# WHAT THIS TASK INVOLVES
What follows is a set of records; repeat them exactly, without the pictures.

————

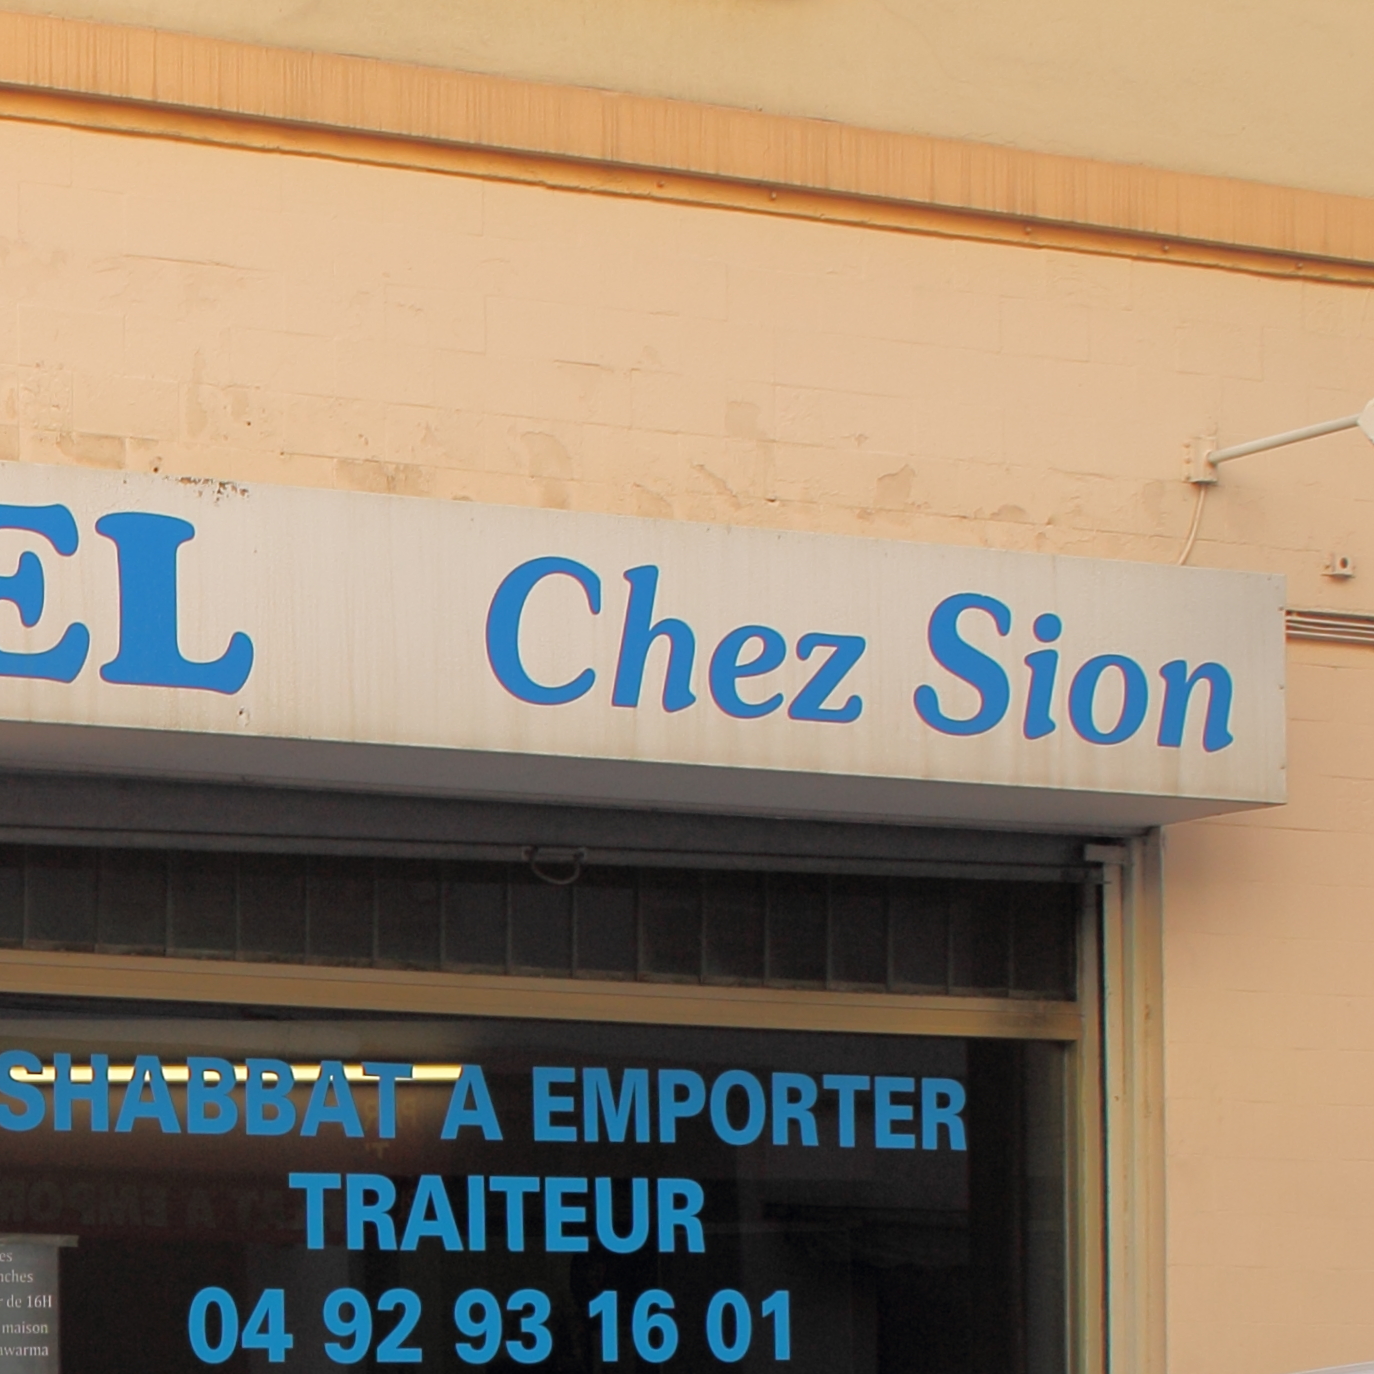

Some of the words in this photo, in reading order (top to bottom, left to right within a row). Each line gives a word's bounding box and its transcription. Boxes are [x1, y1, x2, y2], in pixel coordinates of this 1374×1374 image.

[486, 555, 867, 723] Chez
[914, 592, 1234, 752] Sion
[440, 1064, 503, 1142] A
[531, 1066, 967, 1152] EMPORTER
[287, 1171, 706, 1255] TRAITEUR
[2, 1322, 49, 1334] maison
[6, 1294, 22, 1308] de
[26, 1295, 53, 1309] 16H
[187, 1285, 294, 1365] 04
[322, 1286, 424, 1365] 92
[453, 1287, 554, 1366] 93
[587, 1288, 680, 1364] 16
[705, 1287, 792, 1364] 01
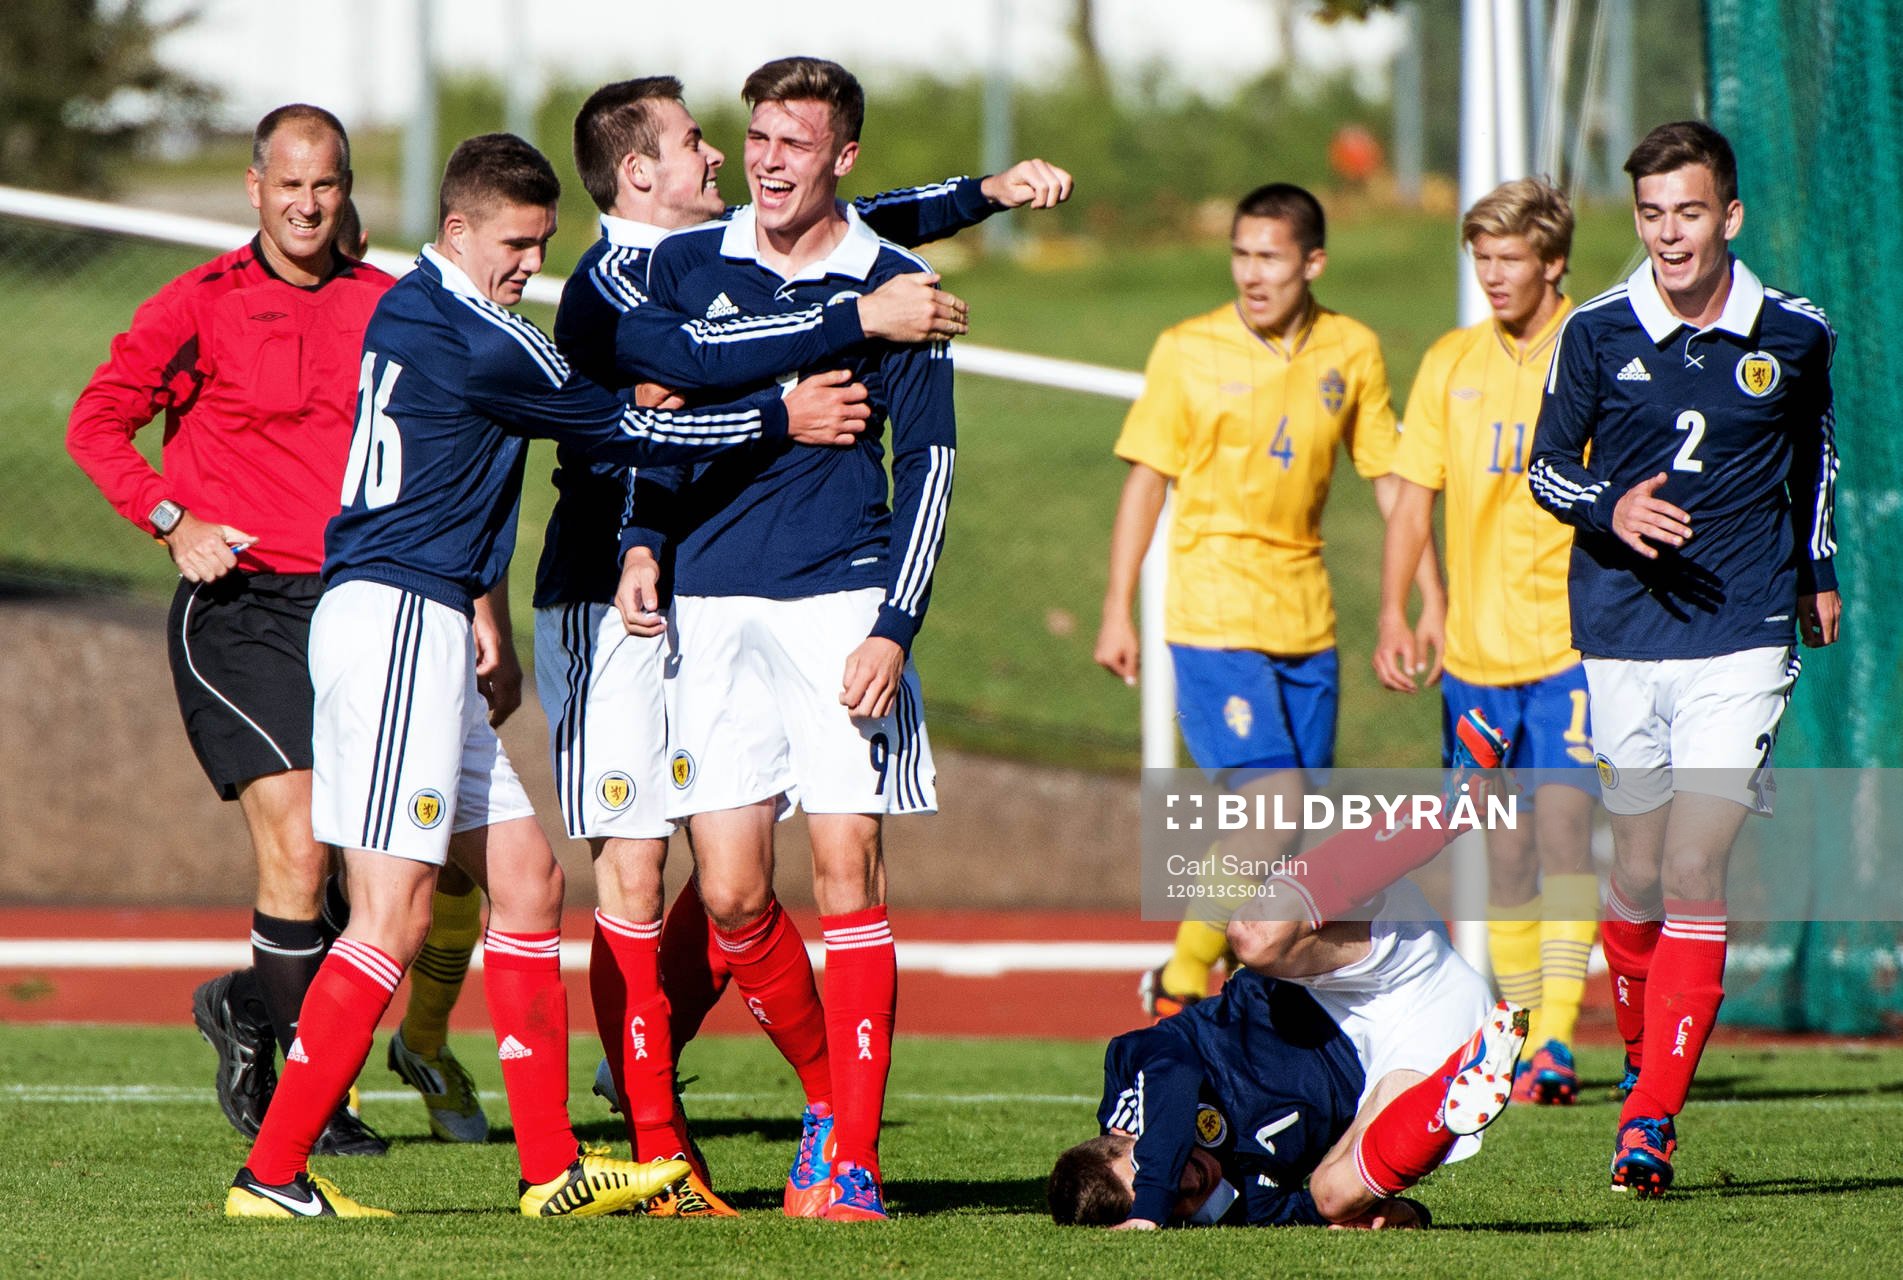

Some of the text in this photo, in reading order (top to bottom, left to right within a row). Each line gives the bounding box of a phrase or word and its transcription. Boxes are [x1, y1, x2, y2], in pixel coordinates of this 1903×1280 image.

————

# EXERCISE OUTPUT
Some of the words in this photo, in reading order (top to bottom, left to right within a row). Each line gives a word's bounding box and its transcription. Boxes are [x1, y1, x2, y2], in pixel coordinates of this 1374×1374 image.

[486, 555, 867, 723] Chez
[914, 592, 1234, 752] Sion
[440, 1064, 503, 1142] A
[531, 1066, 967, 1152] EMPORTER
[287, 1171, 706, 1255] TRAITEUR
[2, 1322, 49, 1334] maison
[6, 1294, 22, 1308] de
[26, 1295, 53, 1309] 16H
[187, 1285, 294, 1365] 04
[322, 1286, 424, 1365] 92
[453, 1287, 554, 1366] 93
[587, 1288, 680, 1364] 16
[705, 1287, 792, 1364] 01

Some of the text in this photo, in reading order (top to bottom, left to right within a row). Each line gives the bounding box of a phrase or word and its transcription. Boxes are [x1, y1, x2, y2], in pixel coordinates of this 1903×1280 image.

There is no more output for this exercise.